Free-text object descriptions
= Beginning of Section =

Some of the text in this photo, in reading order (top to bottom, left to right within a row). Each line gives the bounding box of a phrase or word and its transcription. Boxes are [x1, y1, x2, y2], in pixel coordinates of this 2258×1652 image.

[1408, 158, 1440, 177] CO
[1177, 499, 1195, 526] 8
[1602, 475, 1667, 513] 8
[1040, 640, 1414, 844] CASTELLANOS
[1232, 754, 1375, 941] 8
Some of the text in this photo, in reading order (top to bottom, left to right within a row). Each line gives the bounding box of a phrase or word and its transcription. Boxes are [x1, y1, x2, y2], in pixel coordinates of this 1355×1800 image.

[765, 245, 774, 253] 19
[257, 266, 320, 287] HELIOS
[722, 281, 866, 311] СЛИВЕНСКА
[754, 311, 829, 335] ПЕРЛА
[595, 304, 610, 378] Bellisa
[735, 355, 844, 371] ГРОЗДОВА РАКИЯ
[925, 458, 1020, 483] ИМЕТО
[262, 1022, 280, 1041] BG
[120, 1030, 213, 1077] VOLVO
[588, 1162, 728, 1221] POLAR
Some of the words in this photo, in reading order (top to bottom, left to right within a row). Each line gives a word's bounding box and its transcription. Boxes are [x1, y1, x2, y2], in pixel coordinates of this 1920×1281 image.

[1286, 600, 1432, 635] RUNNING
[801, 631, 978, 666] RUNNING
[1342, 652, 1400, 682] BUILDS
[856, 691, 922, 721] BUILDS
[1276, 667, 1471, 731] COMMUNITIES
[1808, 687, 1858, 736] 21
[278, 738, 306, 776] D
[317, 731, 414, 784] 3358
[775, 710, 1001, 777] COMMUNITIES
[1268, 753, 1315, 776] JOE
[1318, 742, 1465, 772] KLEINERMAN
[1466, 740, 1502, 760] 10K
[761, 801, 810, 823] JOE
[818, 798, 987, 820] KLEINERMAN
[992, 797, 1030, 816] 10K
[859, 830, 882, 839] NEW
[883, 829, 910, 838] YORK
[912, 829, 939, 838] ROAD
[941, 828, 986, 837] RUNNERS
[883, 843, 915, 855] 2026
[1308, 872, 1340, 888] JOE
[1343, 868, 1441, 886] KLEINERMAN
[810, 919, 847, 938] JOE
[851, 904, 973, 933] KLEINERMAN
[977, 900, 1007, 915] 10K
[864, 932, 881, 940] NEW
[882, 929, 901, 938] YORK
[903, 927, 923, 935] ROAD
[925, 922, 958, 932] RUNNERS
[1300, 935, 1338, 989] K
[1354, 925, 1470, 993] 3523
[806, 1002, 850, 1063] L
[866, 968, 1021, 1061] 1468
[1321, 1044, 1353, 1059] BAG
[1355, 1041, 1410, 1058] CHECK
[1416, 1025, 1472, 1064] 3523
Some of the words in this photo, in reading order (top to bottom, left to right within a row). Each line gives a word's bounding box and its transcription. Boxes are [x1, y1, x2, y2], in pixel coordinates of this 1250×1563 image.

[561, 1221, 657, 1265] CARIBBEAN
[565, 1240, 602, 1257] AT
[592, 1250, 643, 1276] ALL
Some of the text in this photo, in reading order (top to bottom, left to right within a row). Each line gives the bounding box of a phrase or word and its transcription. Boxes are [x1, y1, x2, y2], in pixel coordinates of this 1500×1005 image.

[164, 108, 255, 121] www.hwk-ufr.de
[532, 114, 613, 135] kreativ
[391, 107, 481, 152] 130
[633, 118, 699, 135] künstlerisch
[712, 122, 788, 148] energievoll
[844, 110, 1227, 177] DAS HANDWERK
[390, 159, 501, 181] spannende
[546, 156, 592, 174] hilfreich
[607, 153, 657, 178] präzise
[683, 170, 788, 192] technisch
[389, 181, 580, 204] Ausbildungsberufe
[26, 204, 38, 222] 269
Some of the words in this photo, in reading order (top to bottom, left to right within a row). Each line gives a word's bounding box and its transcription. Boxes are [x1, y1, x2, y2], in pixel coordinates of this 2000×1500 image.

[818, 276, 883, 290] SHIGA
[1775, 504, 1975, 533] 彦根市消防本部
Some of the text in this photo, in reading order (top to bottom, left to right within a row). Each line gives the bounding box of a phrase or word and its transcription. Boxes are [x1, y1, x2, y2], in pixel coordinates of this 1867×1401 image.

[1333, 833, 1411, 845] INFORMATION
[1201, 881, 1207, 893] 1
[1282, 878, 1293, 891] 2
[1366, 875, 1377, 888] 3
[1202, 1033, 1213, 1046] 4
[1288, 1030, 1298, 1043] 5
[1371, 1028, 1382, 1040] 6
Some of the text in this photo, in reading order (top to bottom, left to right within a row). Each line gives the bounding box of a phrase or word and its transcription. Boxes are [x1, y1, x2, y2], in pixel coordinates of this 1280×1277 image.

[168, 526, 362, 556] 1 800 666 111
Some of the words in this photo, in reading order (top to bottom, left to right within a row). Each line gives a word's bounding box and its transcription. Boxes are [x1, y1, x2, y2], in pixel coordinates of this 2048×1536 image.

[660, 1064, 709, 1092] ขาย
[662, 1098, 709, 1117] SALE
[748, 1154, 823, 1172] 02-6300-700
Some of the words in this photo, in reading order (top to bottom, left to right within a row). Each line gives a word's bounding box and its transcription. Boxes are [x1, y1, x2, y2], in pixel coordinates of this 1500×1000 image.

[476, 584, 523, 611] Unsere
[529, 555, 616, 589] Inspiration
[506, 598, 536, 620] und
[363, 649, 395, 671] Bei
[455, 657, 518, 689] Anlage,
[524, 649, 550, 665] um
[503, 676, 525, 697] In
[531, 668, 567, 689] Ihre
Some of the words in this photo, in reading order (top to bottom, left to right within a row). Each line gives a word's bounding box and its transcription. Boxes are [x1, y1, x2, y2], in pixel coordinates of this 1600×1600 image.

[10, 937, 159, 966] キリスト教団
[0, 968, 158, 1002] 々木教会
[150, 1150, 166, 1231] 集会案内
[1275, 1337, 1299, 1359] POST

= End of Section =

From the records above, extract every line exactly as it stands.

• SOLUTION
Some of the text in this photo, in reading order (top to bottom, left to right within a row). Each line gives the bounding box of a phrase or word and its transcription. Boxes are [x1, y1, x2, y2], in pixel coordinates of this 2258×1652 image.

[1408, 158, 1440, 177] CO
[1177, 499, 1195, 526] 8
[1602, 475, 1667, 513] 8
[1040, 640, 1414, 844] CASTELLANOS
[1232, 754, 1375, 941] 8
Some of the text in this photo, in reading order (top to bottom, left to right within a row). Each line gives the bounding box of a phrase or word and its transcription. Boxes are [x1, y1, x2, y2], in pixel coordinates of this 1355×1800 image.

[765, 245, 774, 253] 19
[257, 266, 320, 287] HELIOS
[722, 281, 866, 311] СЛИВЕНСКА
[754, 311, 829, 335] ПЕРЛА
[595, 304, 610, 378] Bellisa
[735, 355, 844, 371] ГРОЗДОВА РАКИЯ
[925, 458, 1020, 483] ИМЕТО
[262, 1022, 280, 1041] BG
[120, 1030, 213, 1077] VOLVO
[588, 1162, 728, 1221] POLAR
Some of the words in this photo, in reading order (top to bottom, left to right within a row). Each line gives a word's bounding box and its transcription. Boxes are [x1, y1, x2, y2], in pixel coordinates of this 1920×1281 image.

[1286, 600, 1432, 635] RUNNING
[801, 631, 978, 666] RUNNING
[1342, 652, 1400, 682] BUILDS
[856, 691, 922, 721] BUILDS
[1276, 667, 1471, 731] COMMUNITIES
[1808, 687, 1858, 736] 21
[278, 738, 306, 776] D
[317, 731, 414, 784] 3358
[775, 710, 1001, 777] COMMUNITIES
[1268, 753, 1315, 776] JOE
[1318, 742, 1465, 772] KLEINERMAN
[1466, 740, 1502, 760] 10K
[761, 801, 810, 823] JOE
[818, 798, 987, 820] KLEINERMAN
[992, 797, 1030, 816] 10K
[859, 830, 882, 839] NEW
[883, 829, 910, 838] YORK
[912, 829, 939, 838] ROAD
[941, 828, 986, 837] RUNNERS
[883, 843, 915, 855] 2026
[1308, 872, 1340, 888] JOE
[1343, 868, 1441, 886] KLEINERMAN
[810, 919, 847, 938] JOE
[851, 904, 973, 933] KLEINERMAN
[977, 900, 1007, 915] 10K
[864, 932, 881, 940] NEW
[882, 929, 901, 938] YORK
[903, 927, 923, 935] ROAD
[925, 922, 958, 932] RUNNERS
[1300, 935, 1338, 989] K
[1354, 925, 1470, 993] 3523
[806, 1002, 850, 1063] L
[866, 968, 1021, 1061] 1468
[1321, 1044, 1353, 1059] BAG
[1355, 1041, 1410, 1058] CHECK
[1416, 1025, 1472, 1064] 3523
Some of the words in this photo, in reading order (top to bottom, left to right within a row). Each line gives a word's bounding box and its transcription. Boxes are [x1, y1, x2, y2], in pixel coordinates of this 1250×1563 image.

[561, 1221, 657, 1265] CARIBBEAN
[565, 1240, 602, 1257] AT
[592, 1250, 643, 1276] ALL
Some of the text in this photo, in reading order (top to bottom, left to right within a row). Each line gives the bounding box of a phrase or word and its transcription. Boxes are [x1, y1, x2, y2], in pixel coordinates of this 1500×1005 image.

[164, 108, 255, 121] www.hwk-ufr.de
[532, 114, 613, 135] kreativ
[391, 107, 481, 152] 130
[633, 118, 699, 135] künstlerisch
[712, 122, 788, 148] energievoll
[844, 110, 1227, 177] DAS HANDWERK
[390, 159, 501, 181] spannende
[546, 156, 592, 174] hilfreich
[607, 153, 657, 178] präzise
[683, 170, 788, 192] technisch
[389, 181, 580, 204] Ausbildungsberufe
[26, 204, 38, 222] 269
Some of the words in this photo, in reading order (top to bottom, left to right within a row). Each line gives a word's bounding box and its transcription. Boxes are [x1, y1, x2, y2], in pixel coordinates of this 2000×1500 image.

[818, 276, 883, 290] SHIGA
[1775, 504, 1975, 533] 彦根市消防本部
Some of the text in this photo, in reading order (top to bottom, left to right within a row). Each line gives the bounding box of a phrase or word and its transcription. Boxes are [x1, y1, x2, y2], in pixel coordinates of this 1867×1401 image.

[1333, 833, 1411, 845] INFORMATION
[1201, 881, 1207, 893] 1
[1282, 878, 1293, 891] 2
[1366, 875, 1377, 888] 3
[1202, 1033, 1213, 1046] 4
[1288, 1030, 1298, 1043] 5
[1371, 1028, 1382, 1040] 6
Some of the text in this photo, in reading order (top to bottom, left to right within a row). Each line gives the bounding box of a phrase or word and its transcription. Boxes are [x1, y1, x2, y2], in pixel coordinates of this 1280×1277 image.

[168, 526, 362, 556] 1 800 666 111
Some of the words in this photo, in reading order (top to bottom, left to right within a row). Each line gives a word's bounding box and its transcription. Boxes are [x1, y1, x2, y2], in pixel coordinates of this 2048×1536 image.

[660, 1064, 709, 1092] ขาย
[662, 1098, 709, 1117] SALE
[748, 1154, 823, 1172] 02-6300-700
Some of the words in this photo, in reading order (top to bottom, left to right within a row). Each line gives a word's bounding box and its transcription. Boxes are [x1, y1, x2, y2], in pixel coordinates of this 1500×1000 image.

[476, 584, 523, 611] Unsere
[529, 555, 616, 589] Inspiration
[506, 598, 536, 620] und
[363, 649, 395, 671] Bei
[455, 657, 518, 689] Anlage,
[524, 649, 550, 665] um
[503, 676, 525, 697] In
[531, 668, 567, 689] Ihre
Some of the words in this photo, in reading order (top to bottom, left to right within a row). Each line gives a word's bounding box and its transcription. Boxes are [x1, y1, x2, y2], in pixel coordinates of this 1600×1600 image.

[10, 937, 159, 966] キリスト教団
[0, 968, 158, 1002] 々木教会
[150, 1150, 166, 1231] 集会案内
[1275, 1337, 1299, 1359] POST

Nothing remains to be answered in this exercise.